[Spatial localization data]
——

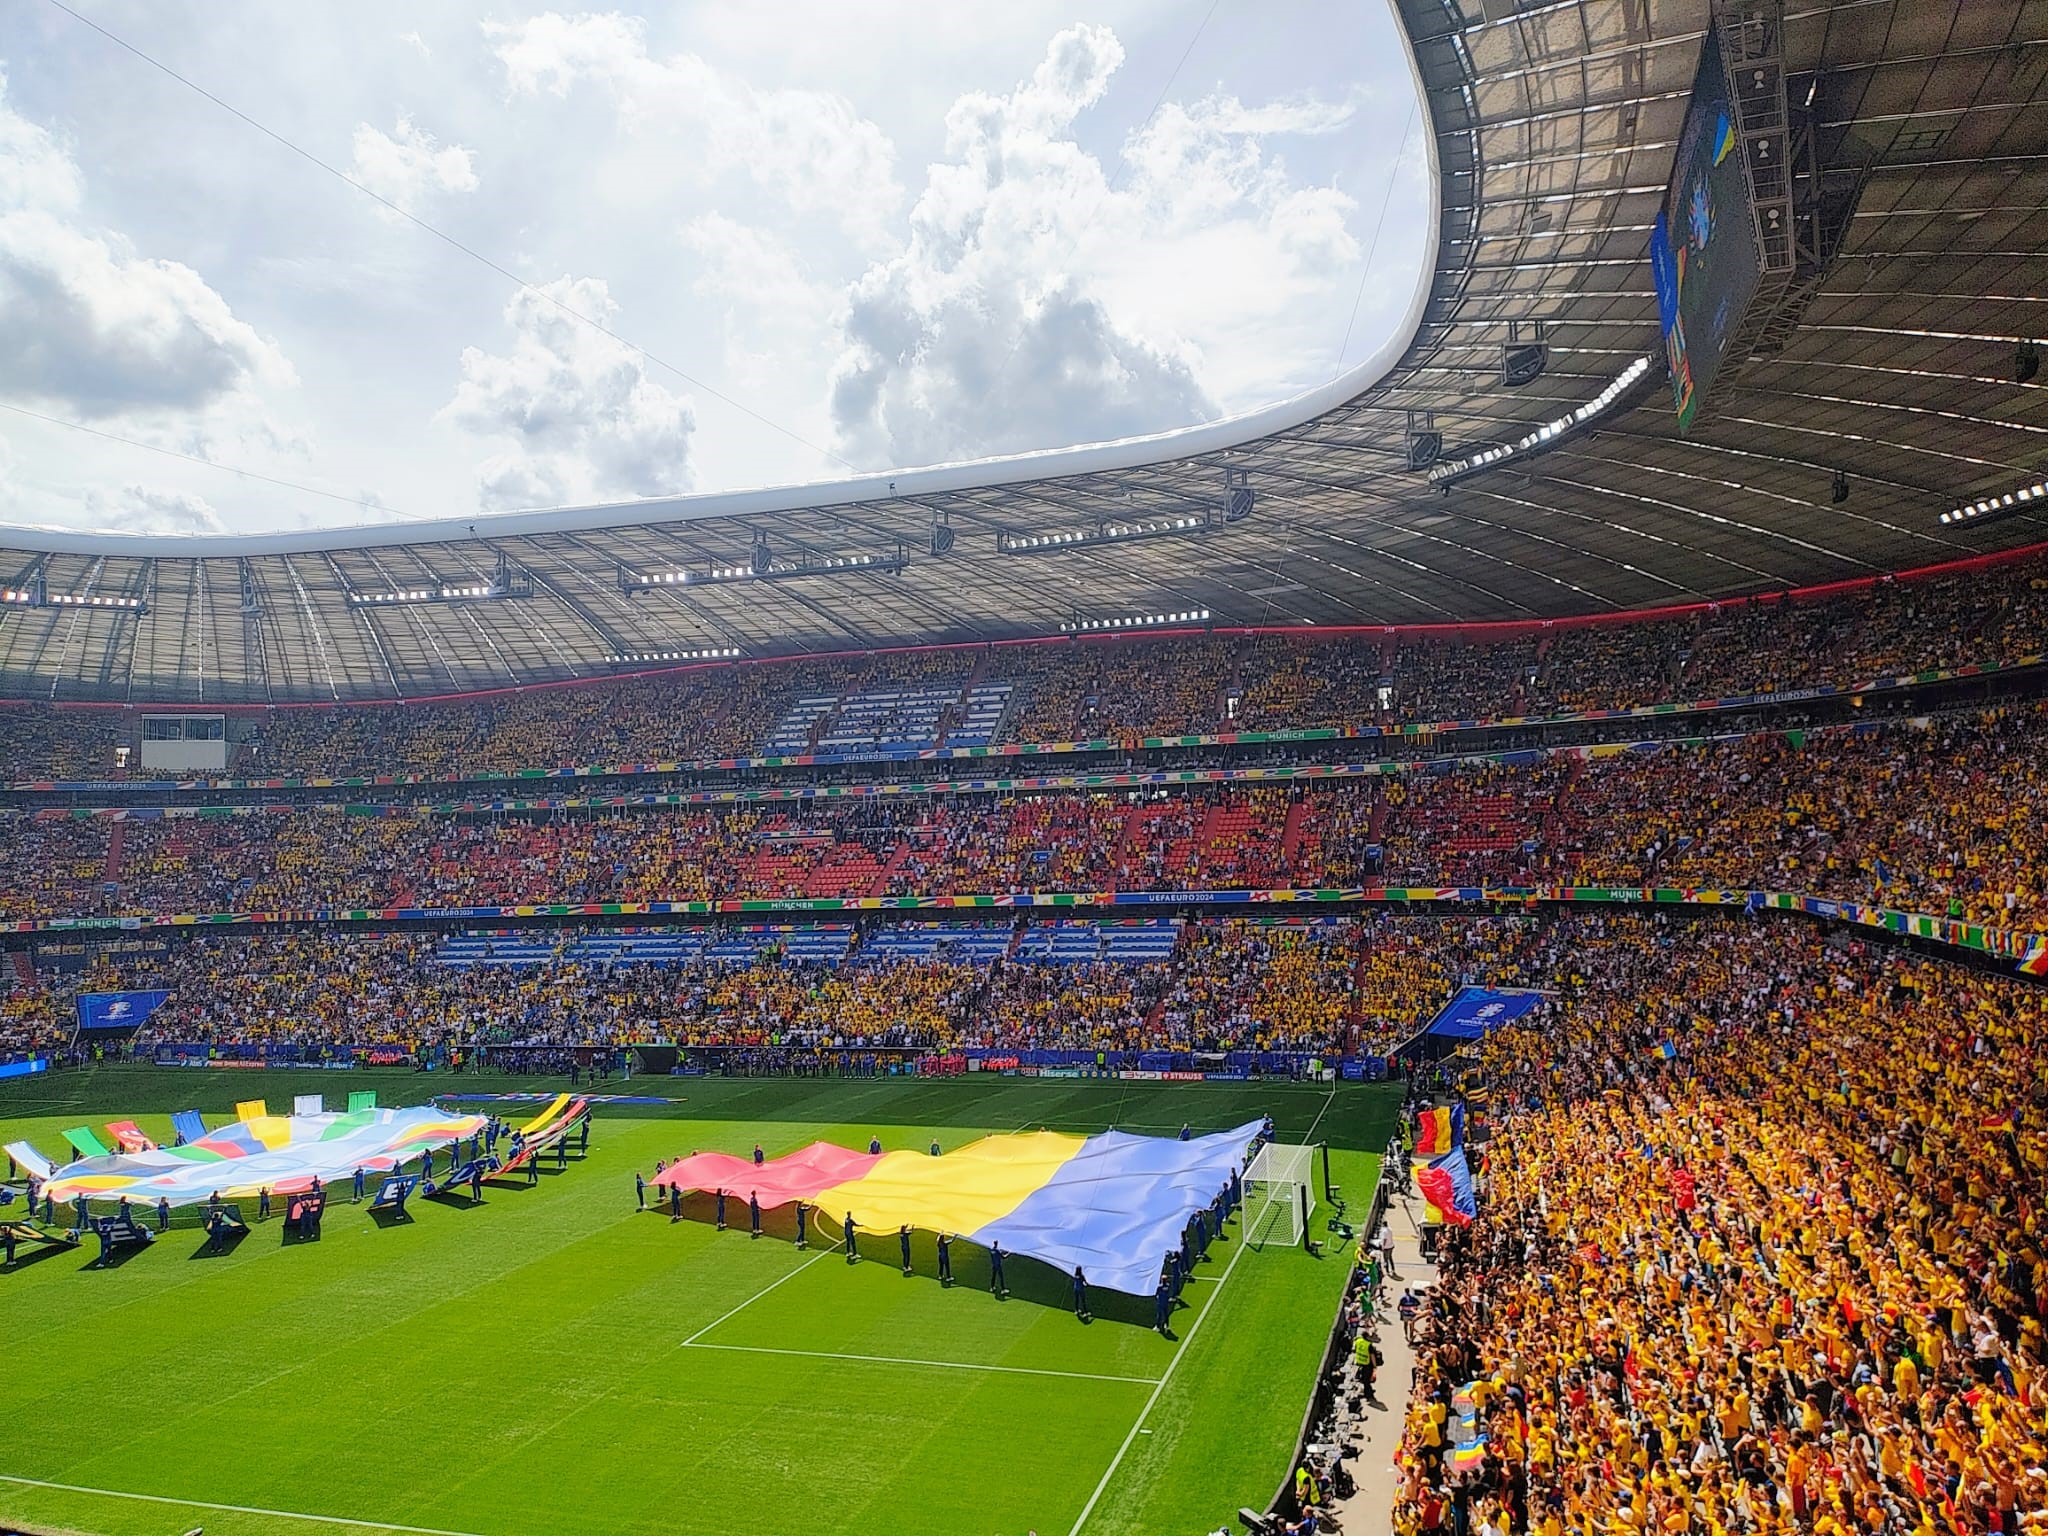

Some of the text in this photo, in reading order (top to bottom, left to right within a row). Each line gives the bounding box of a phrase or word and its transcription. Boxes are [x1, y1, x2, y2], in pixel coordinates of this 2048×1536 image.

[1268, 731, 1305, 740] MUNICH
[1610, 890, 1643, 899] MUNIC
[78, 919, 120, 928] MUNICH
[1124, 1071, 1156, 1079] BYD
[1169, 1071, 1203, 1080] STRAUSS
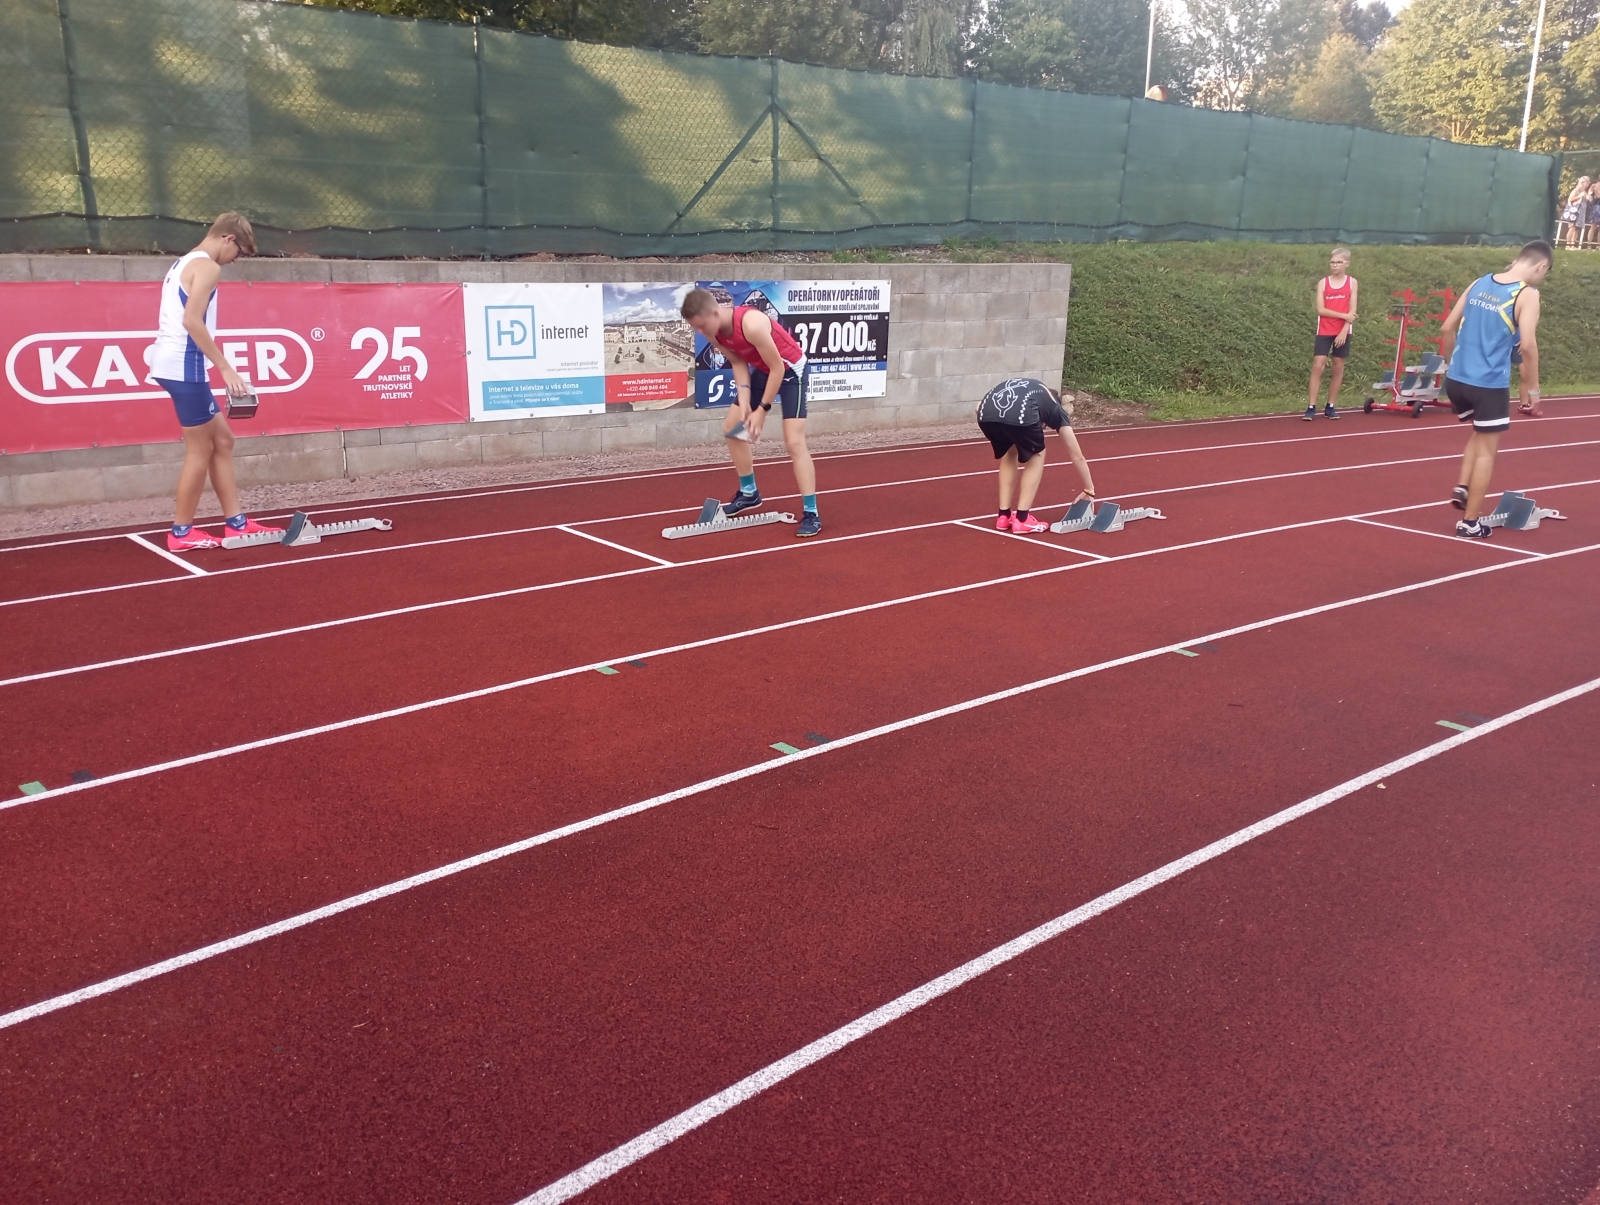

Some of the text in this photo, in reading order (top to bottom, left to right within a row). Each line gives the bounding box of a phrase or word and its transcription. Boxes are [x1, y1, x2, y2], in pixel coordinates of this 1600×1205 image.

——

— ABOUT THIS EXERCISE —
Please print the entries shown above again, exactly, and skip the pictures.

— EXERCISE ANSWER —
Some of the text in this photo, in reading order (top to bottom, left to right within a row). Each line gives the bounding box of a phrase or word and its transcription. Boxes are [x1, y1, x2, y2], in pixel coordinates of this 2048×1536 image.

[1268, 731, 1305, 740] MUNICH
[1610, 890, 1643, 899] MUNIC
[78, 919, 120, 928] MUNICH
[1124, 1071, 1156, 1079] BYD
[1169, 1071, 1203, 1080] STRAUSS

Some of the text in this photo, in reading order (top to bottom, left to right within a row). Each line gives the bounding box of a phrase or word and its transcription. Boxes are [x1, y1, x2, y2], in pixel coordinates of this 1600×1205 image.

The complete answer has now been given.